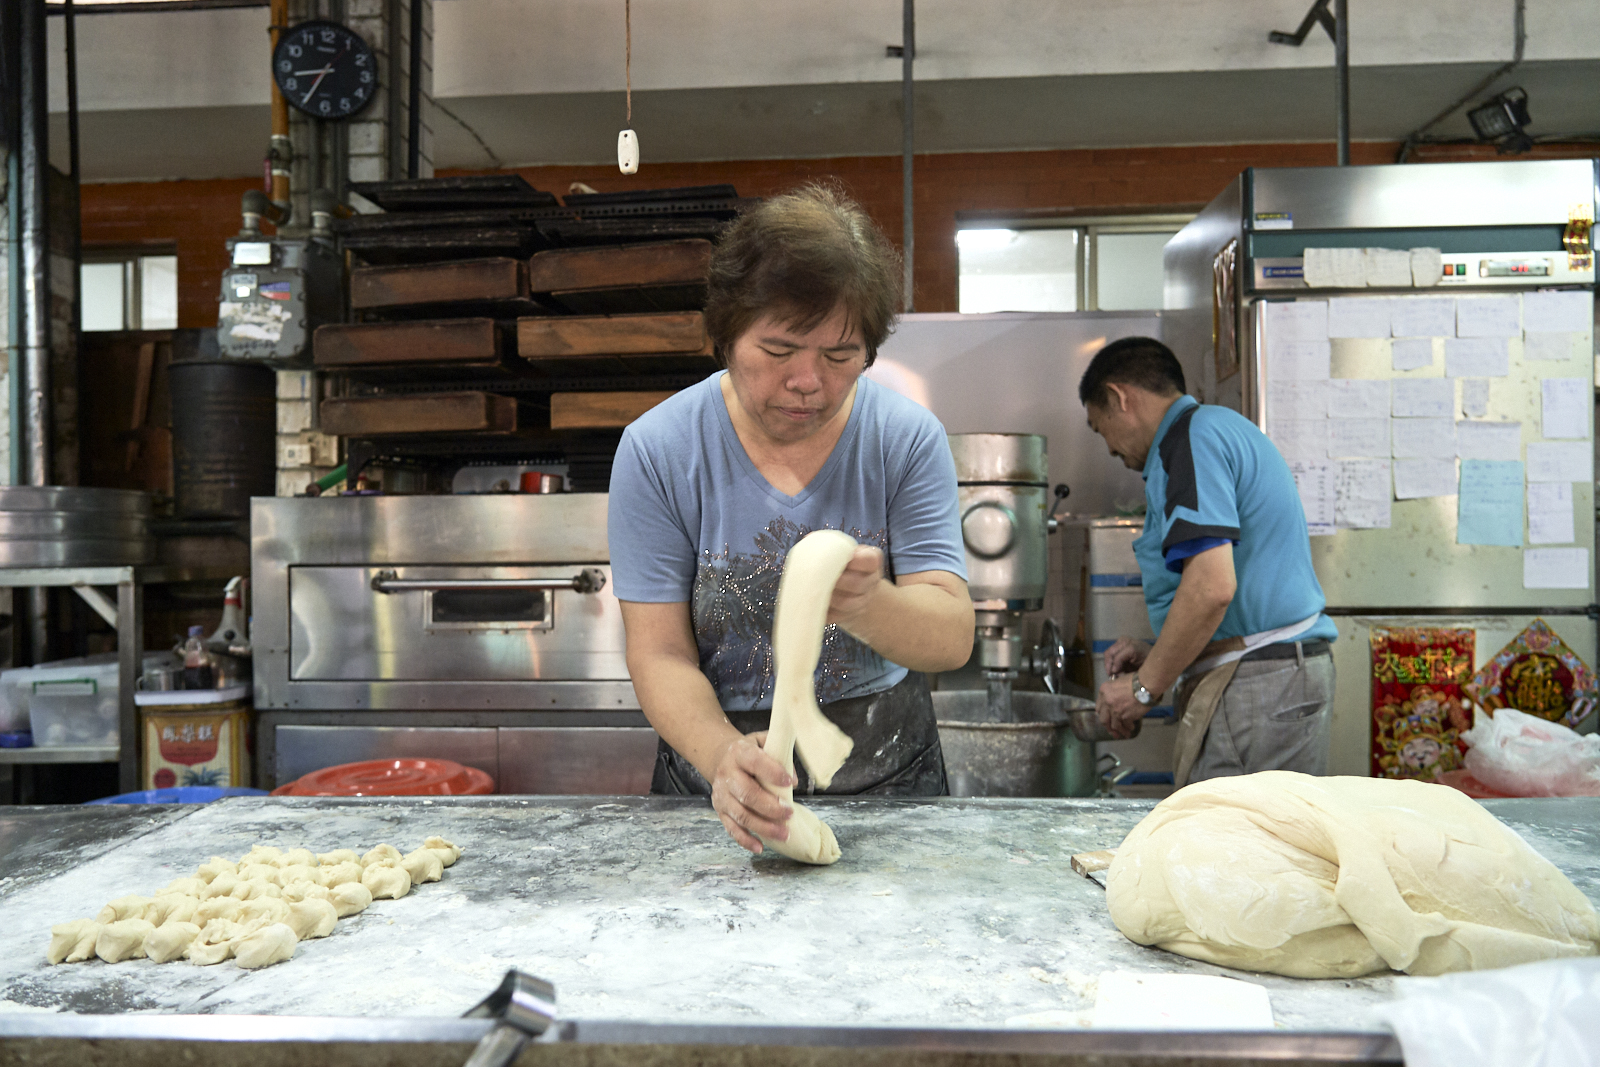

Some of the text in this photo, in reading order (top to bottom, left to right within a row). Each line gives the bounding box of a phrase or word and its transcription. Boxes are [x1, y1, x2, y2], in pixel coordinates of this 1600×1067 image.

[303, 33, 314, 46] 11
[322, 31, 336, 44] 12
[345, 37, 351, 51] 1
[288, 45, 302, 58] 10
[281, 60, 292, 73] 9
[356, 54, 366, 67] 2
[360, 71, 370, 83] 3
[286, 78, 297, 90] 8
[354, 87, 364, 98] 4
[320, 100, 331, 113] 6
[340, 98, 351, 111] 5
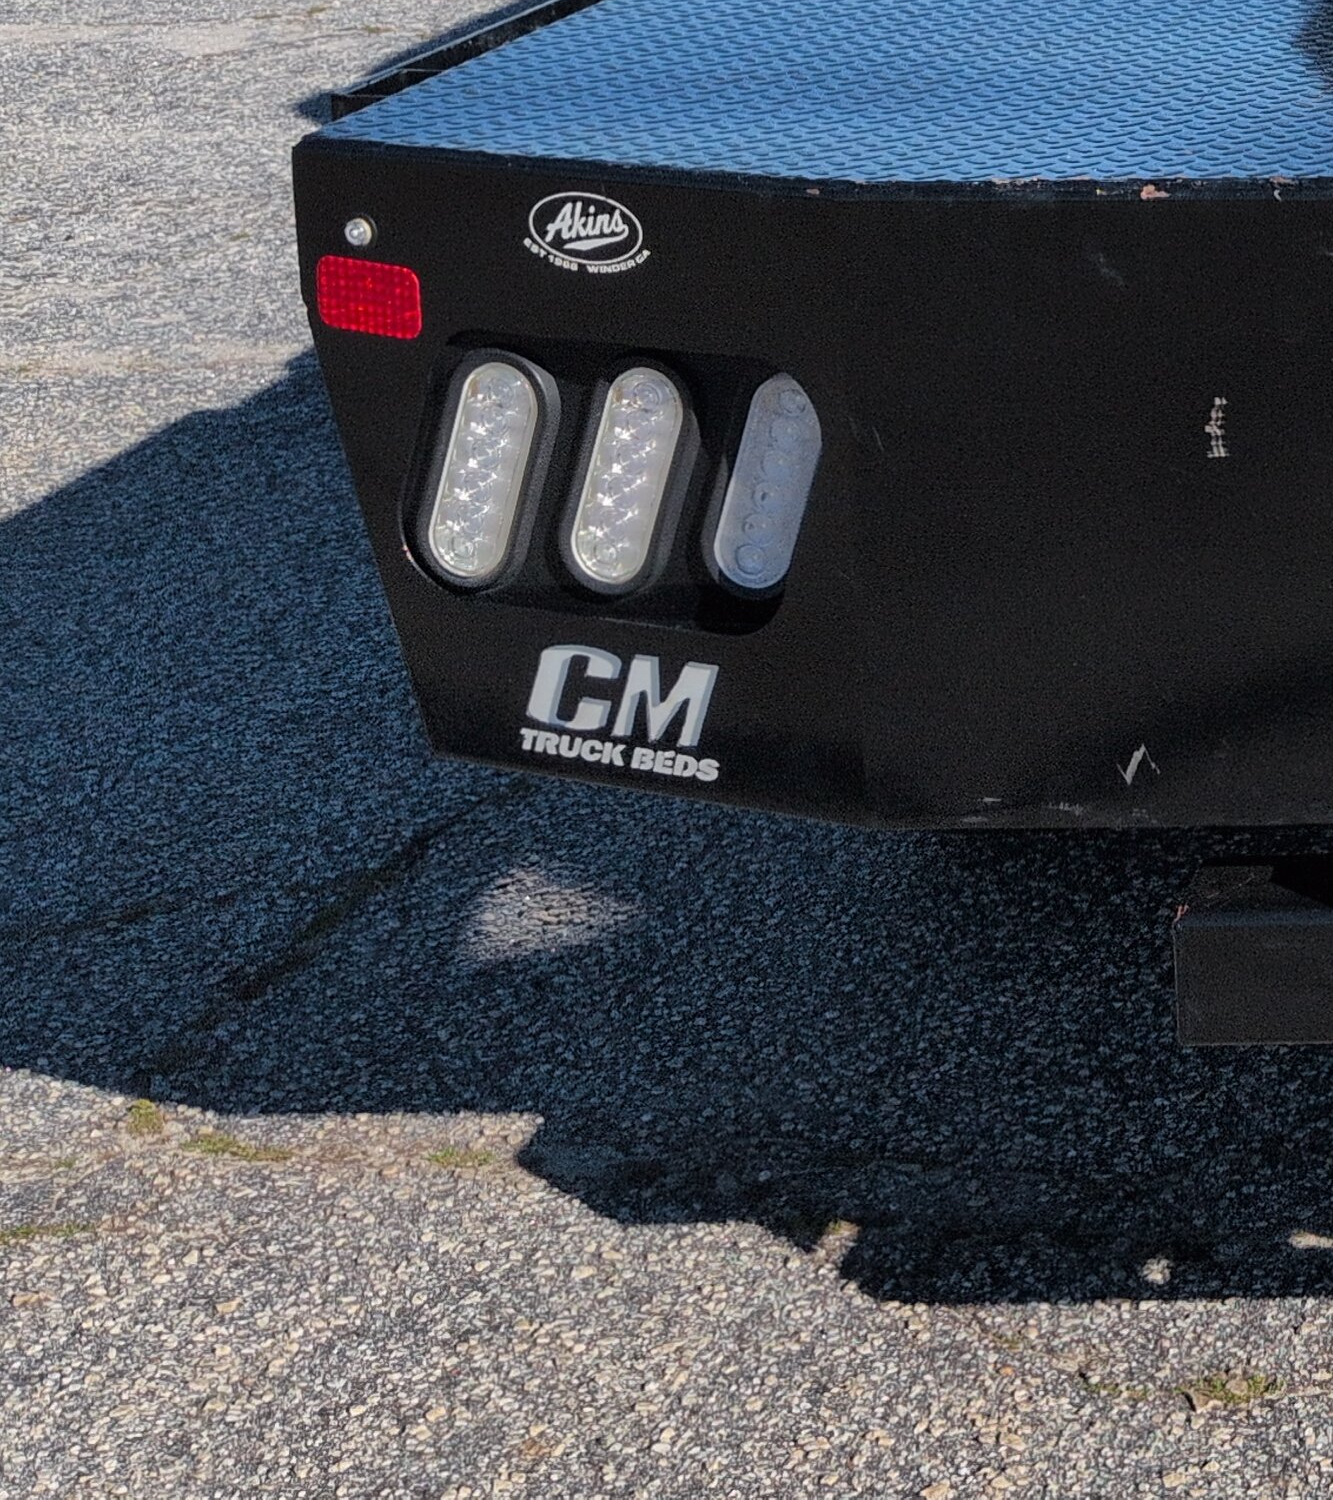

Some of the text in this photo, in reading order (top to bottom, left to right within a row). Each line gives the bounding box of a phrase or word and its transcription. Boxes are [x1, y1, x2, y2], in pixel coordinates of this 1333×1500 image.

[545, 201, 630, 243] Akins
[586, 260, 637, 274] WINDER
[525, 644, 720, 748] CM
[520, 727, 721, 783] TRUCK BEDS
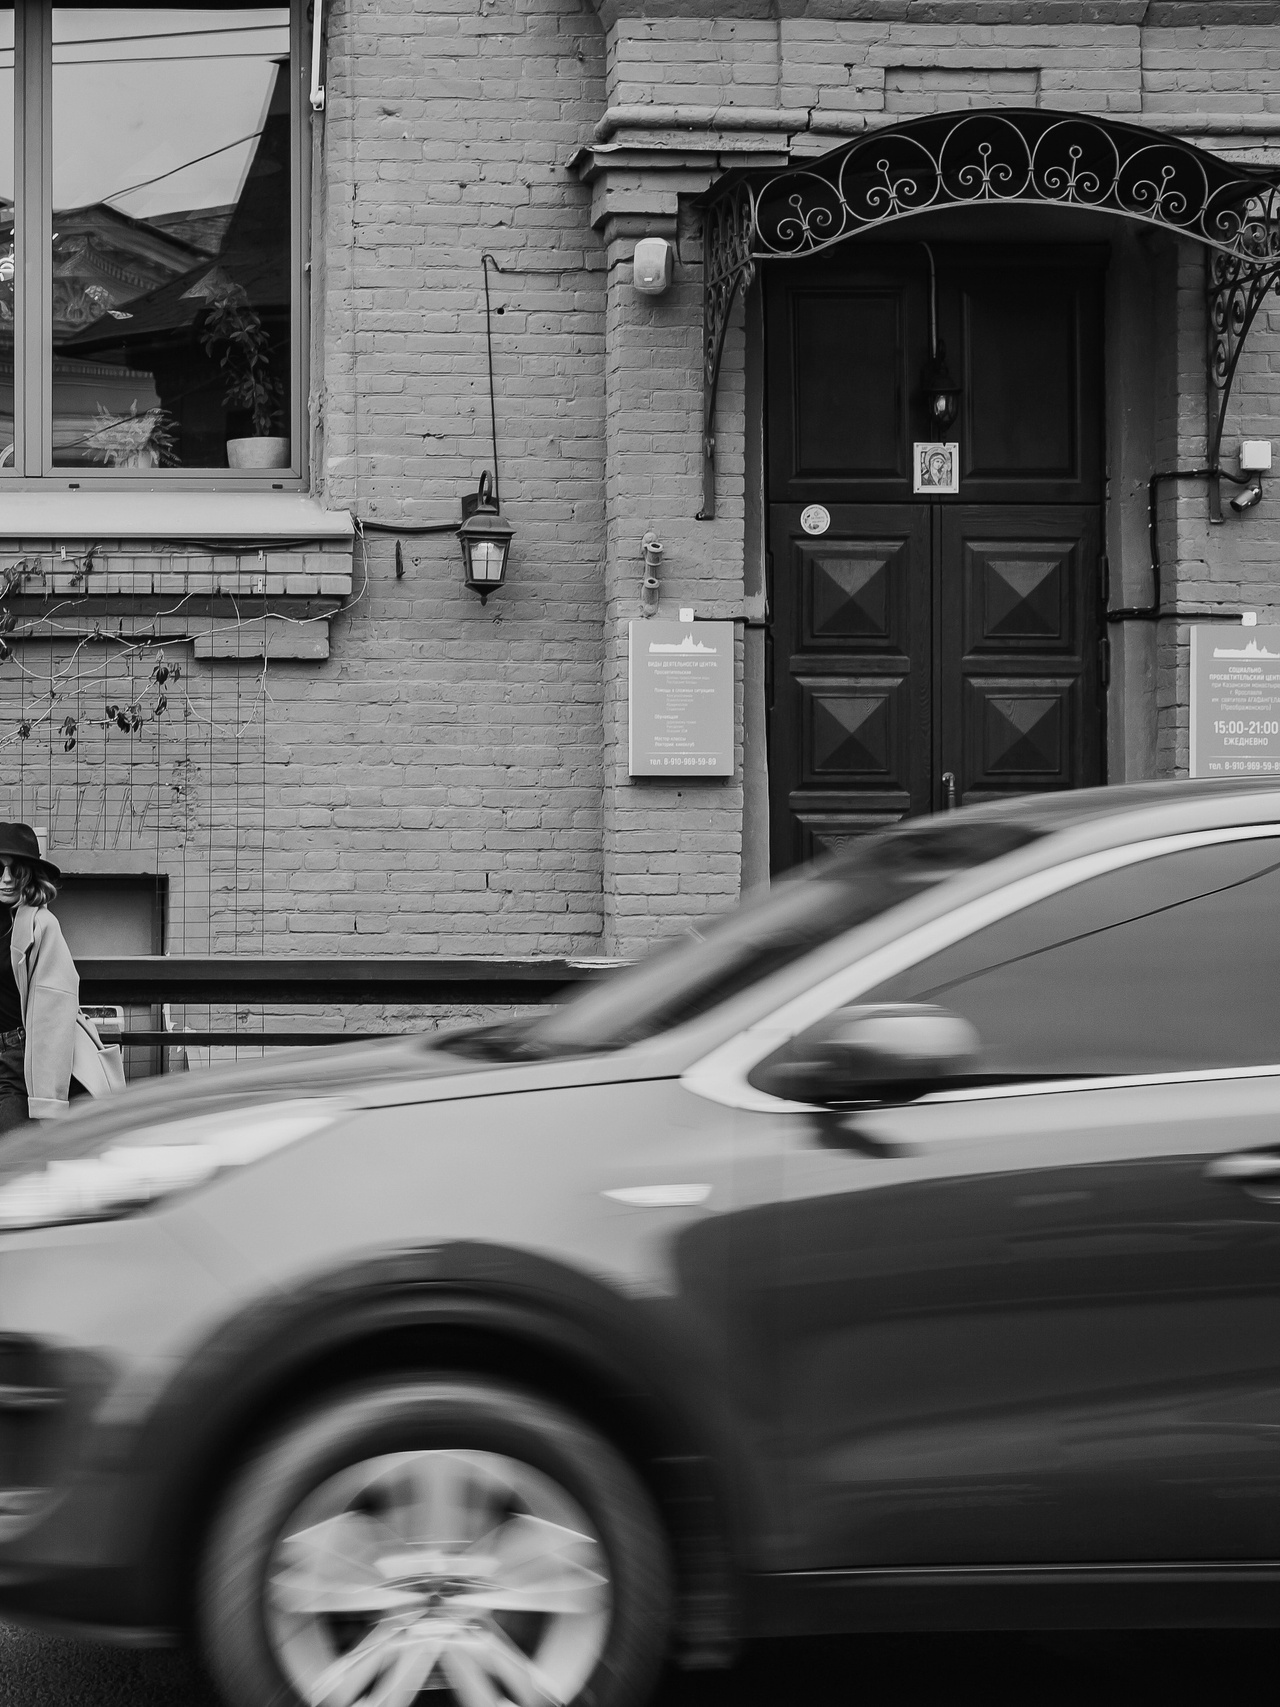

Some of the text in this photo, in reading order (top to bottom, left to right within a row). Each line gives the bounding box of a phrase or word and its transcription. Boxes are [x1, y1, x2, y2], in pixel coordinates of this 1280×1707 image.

[1213, 720, 1279, 734] 15:00-21:00
[1223, 737, 1269, 746] ЕЖЕДНЕВНО
[663, 757, 717, 766] 8-910-969-59-89
[1208, 762, 1223, 770] тел.

WORK ORDER: Reproduce the listing word for word and omit its pictures.

ANSWER BELOW:
Some of the text in this photo, in reading order (top to bottom, left to right within a row). Each line gives the bounding box of a phrase or word and its transcription. Boxes are [x1, y1, x2, y2], in pixel coordinates of this 1600×1067 image.

[303, 33, 314, 46] 11
[322, 31, 336, 44] 12
[345, 37, 351, 51] 1
[288, 45, 302, 58] 10
[281, 60, 292, 73] 9
[356, 54, 366, 67] 2
[360, 71, 370, 83] 3
[286, 78, 297, 90] 8
[354, 87, 364, 98] 4
[320, 100, 331, 113] 6
[340, 98, 351, 111] 5

Some of the text in this photo, in reading order (top to bottom, left to right within a row). Each line gives the bounding box of a phrase or word and its transcription. Boxes are [x1, y1, x2, y2], in pixel coordinates of this 1333×1500 image.

[545, 201, 630, 243] Akins
[586, 260, 637, 274] WINDER
[525, 644, 720, 748] CM
[520, 727, 721, 783] TRUCK BEDS

Some of the text in this photo, in reading order (top to bottom, left to right within a row). Each line gives the bounding box of a phrase or word and its transcription. Boxes are [x1, y1, x2, y2], in pixel coordinates of this 1280×1707 image.

[1213, 720, 1279, 734] 15:00-21:00
[1223, 737, 1269, 746] ЕЖЕДНЕВНО
[663, 757, 717, 766] 8-910-969-59-89
[1208, 762, 1223, 770] тел.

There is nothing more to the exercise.